■ TASK ITEM:
For this exercise, repeat each entry exactly as written.

■ EXERCISE MATERIAL:
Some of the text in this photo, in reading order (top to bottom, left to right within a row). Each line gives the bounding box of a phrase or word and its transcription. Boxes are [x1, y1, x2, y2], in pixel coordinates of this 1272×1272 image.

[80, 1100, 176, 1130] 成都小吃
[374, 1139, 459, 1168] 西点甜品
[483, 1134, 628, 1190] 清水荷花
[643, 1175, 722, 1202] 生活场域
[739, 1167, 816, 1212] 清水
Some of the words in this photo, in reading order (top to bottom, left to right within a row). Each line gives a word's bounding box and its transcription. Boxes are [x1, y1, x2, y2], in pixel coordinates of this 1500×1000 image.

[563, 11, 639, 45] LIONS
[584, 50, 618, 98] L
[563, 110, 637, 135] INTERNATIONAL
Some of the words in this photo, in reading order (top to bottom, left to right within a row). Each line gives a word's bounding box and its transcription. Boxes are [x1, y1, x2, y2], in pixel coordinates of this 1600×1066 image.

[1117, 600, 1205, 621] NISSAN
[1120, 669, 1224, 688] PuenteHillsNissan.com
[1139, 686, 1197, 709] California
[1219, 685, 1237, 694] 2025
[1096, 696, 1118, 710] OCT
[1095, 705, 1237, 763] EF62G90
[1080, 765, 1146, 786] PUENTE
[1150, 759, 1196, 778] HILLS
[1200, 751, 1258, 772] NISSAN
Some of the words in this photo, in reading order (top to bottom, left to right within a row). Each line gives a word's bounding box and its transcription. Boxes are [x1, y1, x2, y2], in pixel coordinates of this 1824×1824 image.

■ SOLUTION FOR THIS PROBLEM:
Some of the text in this photo, in reading order (top to bottom, left to right within a row). Each line gives the bounding box of a phrase or word and its transcription. Boxes are [x1, y1, x2, y2], in pixel coordinates of this 1272×1272 image.

[80, 1100, 176, 1130] 成都小吃
[374, 1139, 459, 1168] 西点甜品
[483, 1134, 628, 1190] 清水荷花
[643, 1175, 722, 1202] 生活场域
[739, 1167, 816, 1212] 清水
Some of the words in this photo, in reading order (top to bottom, left to right within a row). Each line gives a word's bounding box and its transcription. Boxes are [x1, y1, x2, y2], in pixel coordinates of this 1500×1000 image.

[563, 11, 639, 45] LIONS
[584, 50, 618, 98] L
[563, 110, 637, 135] INTERNATIONAL
Some of the words in this photo, in reading order (top to bottom, left to right within a row). Each line gives a word's bounding box and its transcription. Boxes are [x1, y1, x2, y2], in pixel coordinates of this 1600×1066 image.

[1117, 600, 1205, 621] NISSAN
[1120, 669, 1224, 688] PuenteHillsNissan.com
[1139, 686, 1197, 709] California
[1219, 685, 1237, 694] 2025
[1096, 696, 1118, 710] OCT
[1095, 705, 1237, 763] EF62G90
[1080, 765, 1146, 786] PUENTE
[1150, 759, 1196, 778] HILLS
[1200, 751, 1258, 772] NISSAN
Some of the words in this photo, in reading order (top to bottom, left to right within a row). Each line gives a word's bounding box and its transcription. Boxes are [x1, y1, x2, y2], in pixel coordinates of this 1824×1824 image.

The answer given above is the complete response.